__Dataset records__
========

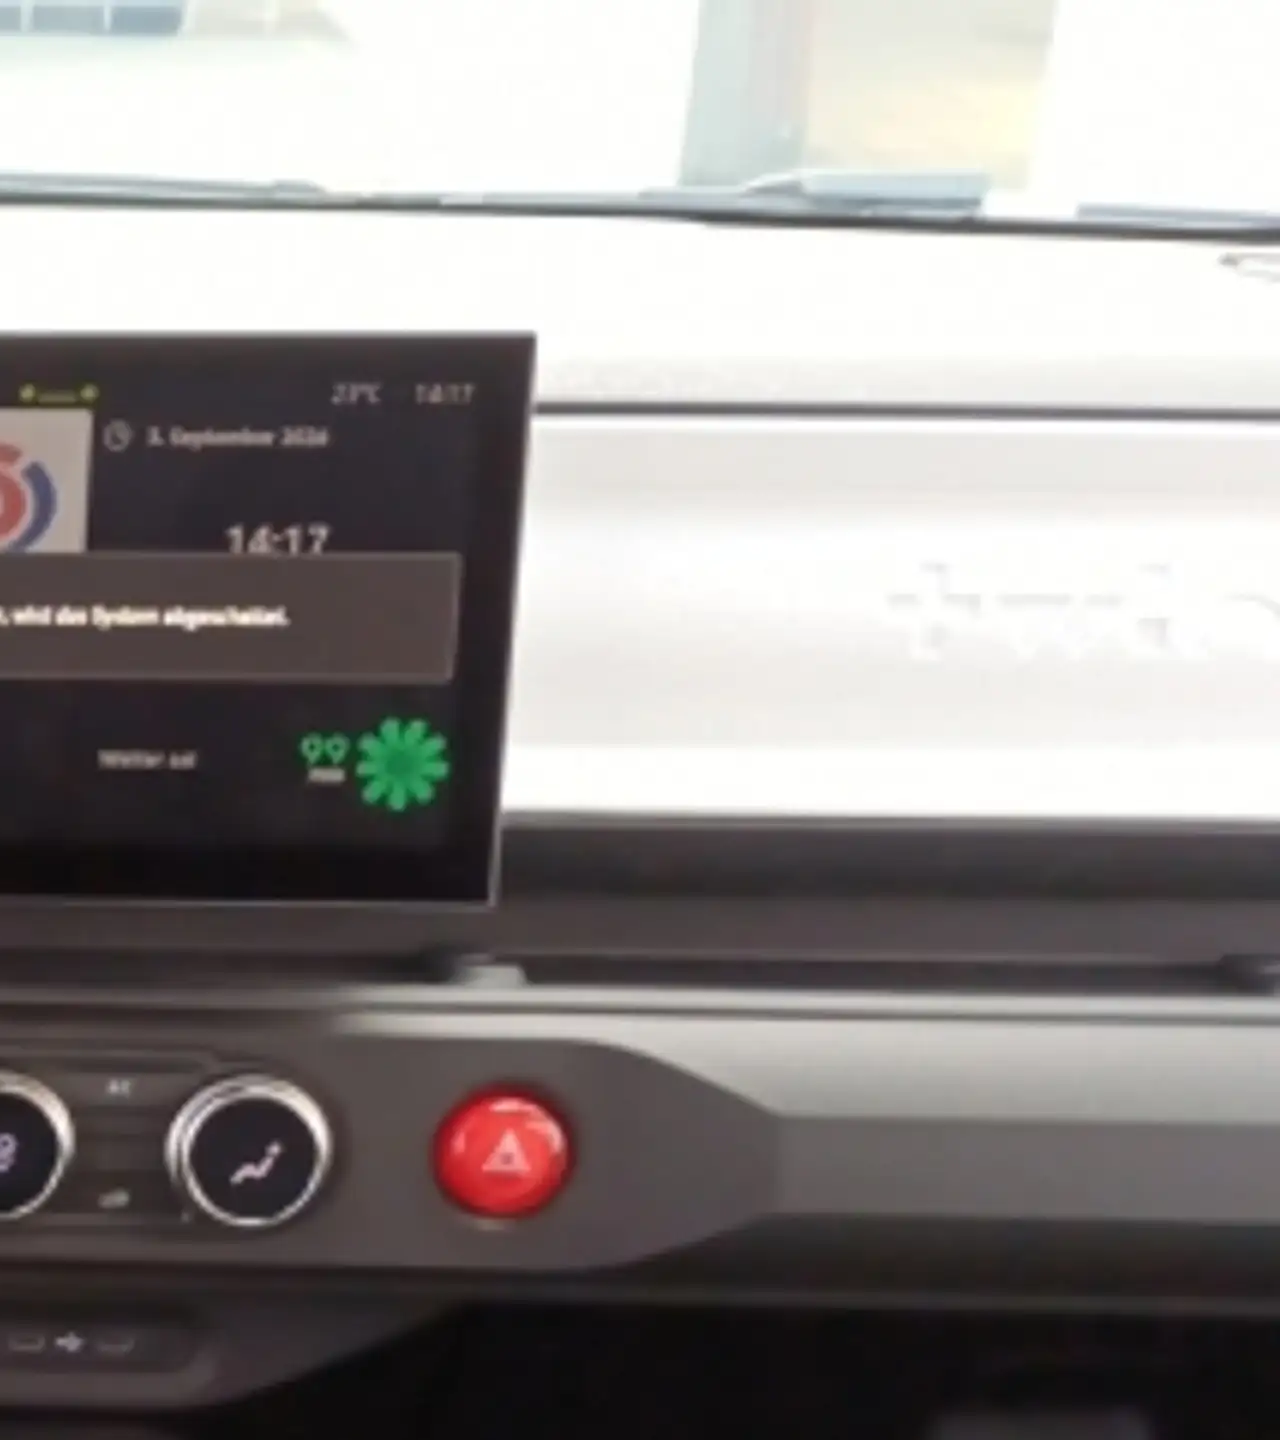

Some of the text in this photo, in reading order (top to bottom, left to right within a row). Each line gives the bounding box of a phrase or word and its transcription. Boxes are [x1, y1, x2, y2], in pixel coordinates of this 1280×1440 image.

[169, 425, 274, 451] September
[224, 521, 333, 554] 14:17
[13, 604, 52, 627] wird
[55, 604, 88, 627] das
[91, 604, 159, 631] System
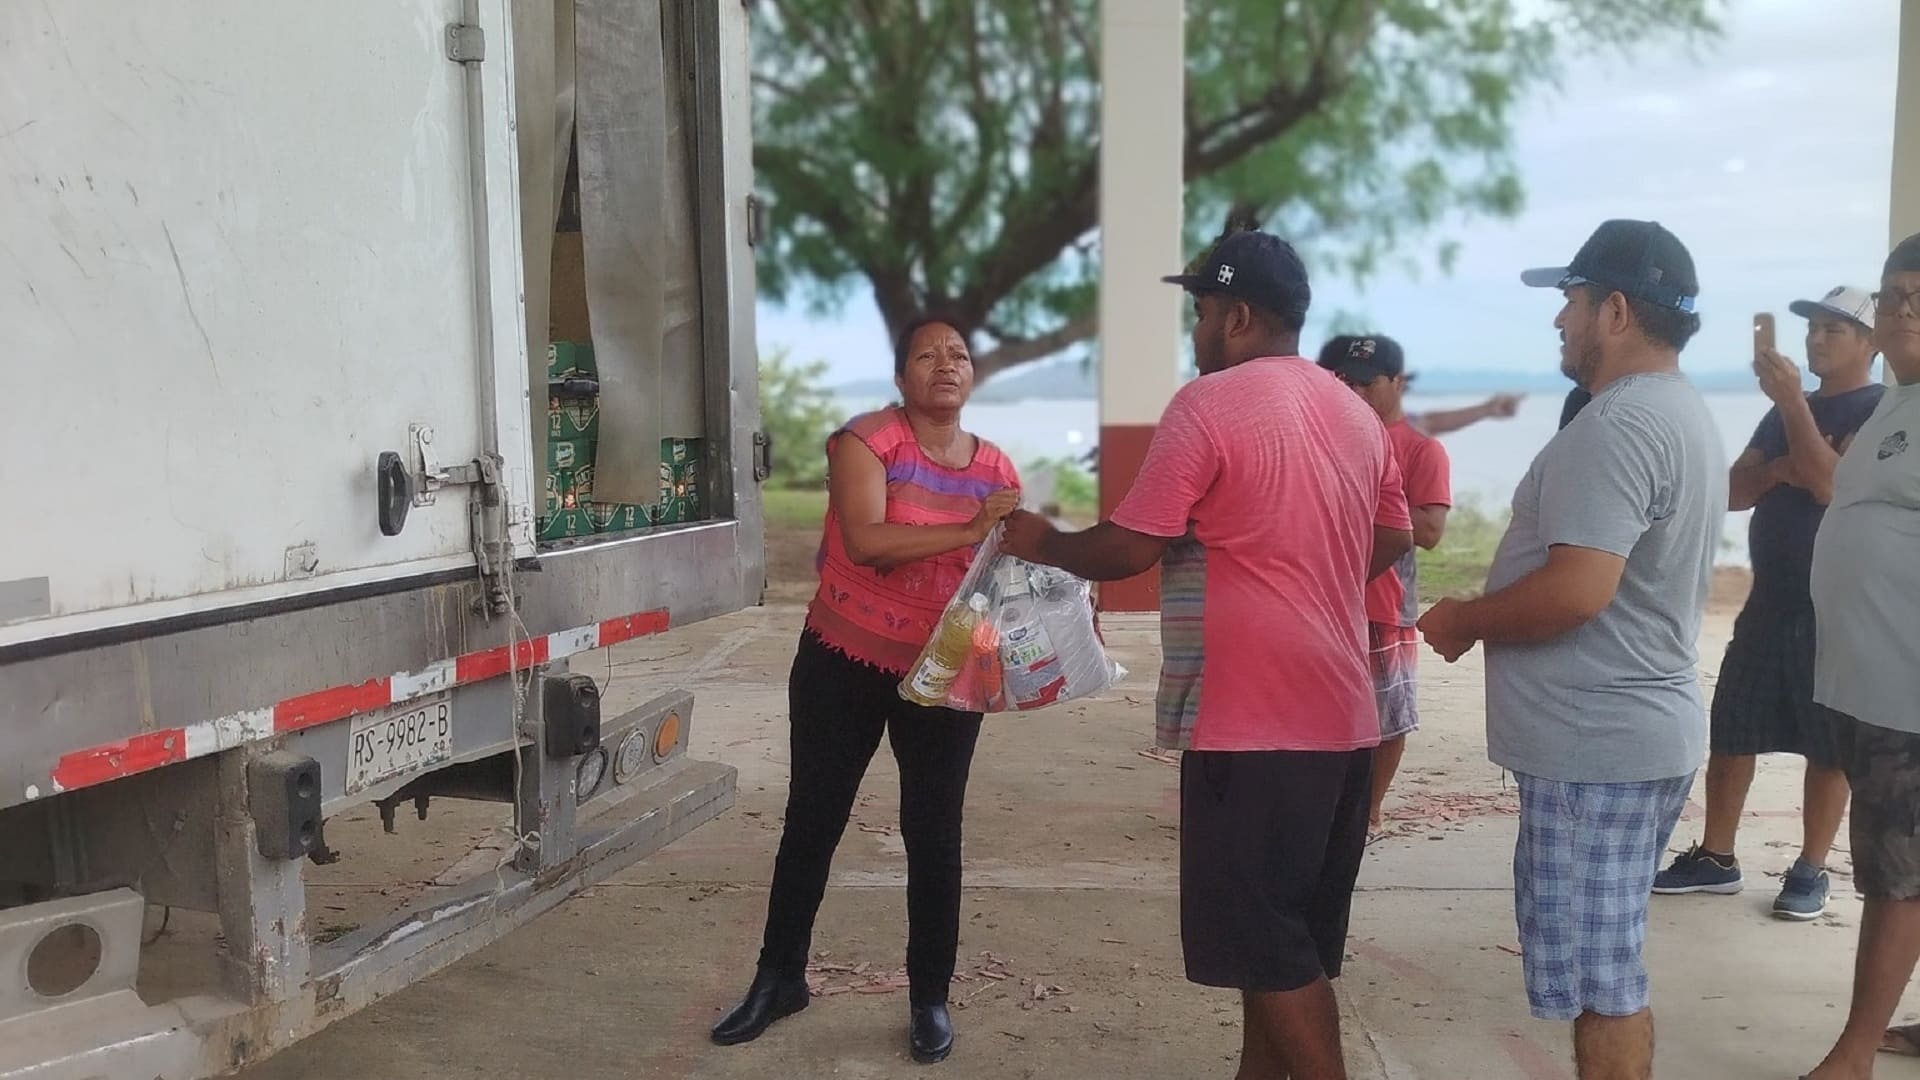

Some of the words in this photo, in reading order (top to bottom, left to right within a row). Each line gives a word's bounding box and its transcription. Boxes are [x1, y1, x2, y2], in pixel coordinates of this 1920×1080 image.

========

Without including any pictures, print each record exactly.

Some of the text in this photo, in reading order (top to bottom, left to right within a row). Each line gives the bounding box of a phrase or word and its transcription. Boxes are [x1, y1, x2, y2], in pixel coordinates of this 1280×1440 image.

[169, 425, 274, 451] September
[224, 521, 333, 554] 14:17
[13, 604, 52, 627] wird
[55, 604, 88, 627] das
[91, 604, 159, 631] System

Some of the words in this photo, in reading order (top to bottom, left to right within a row). Each line gives a word's bounding box and its transcription. Boxes are [x1, y1, x2, y2], in pixel coordinates of this 1920×1080 image.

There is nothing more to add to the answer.